(MATERIAL SUPPLIED)
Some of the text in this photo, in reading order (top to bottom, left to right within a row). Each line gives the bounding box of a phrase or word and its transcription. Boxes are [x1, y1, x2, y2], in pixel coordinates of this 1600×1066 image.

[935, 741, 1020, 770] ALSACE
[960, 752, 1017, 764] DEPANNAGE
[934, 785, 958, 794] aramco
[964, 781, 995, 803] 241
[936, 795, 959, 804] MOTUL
(End MATERIAL SUPPLIED)
== TRY IT ==
Exactly what appears above must be set down again in full.

== ANSWER ==
Some of the text in this photo, in reading order (top to bottom, left to right within a row). Each line gives the bounding box of a phrase or word and its transcription. Boxes are [x1, y1, x2, y2], in pixel coordinates of this 1600×1066 image.

[935, 741, 1020, 770] ALSACE
[960, 752, 1017, 764] DEPANNAGE
[934, 785, 958, 794] aramco
[964, 781, 995, 803] 241
[936, 795, 959, 804] MOTUL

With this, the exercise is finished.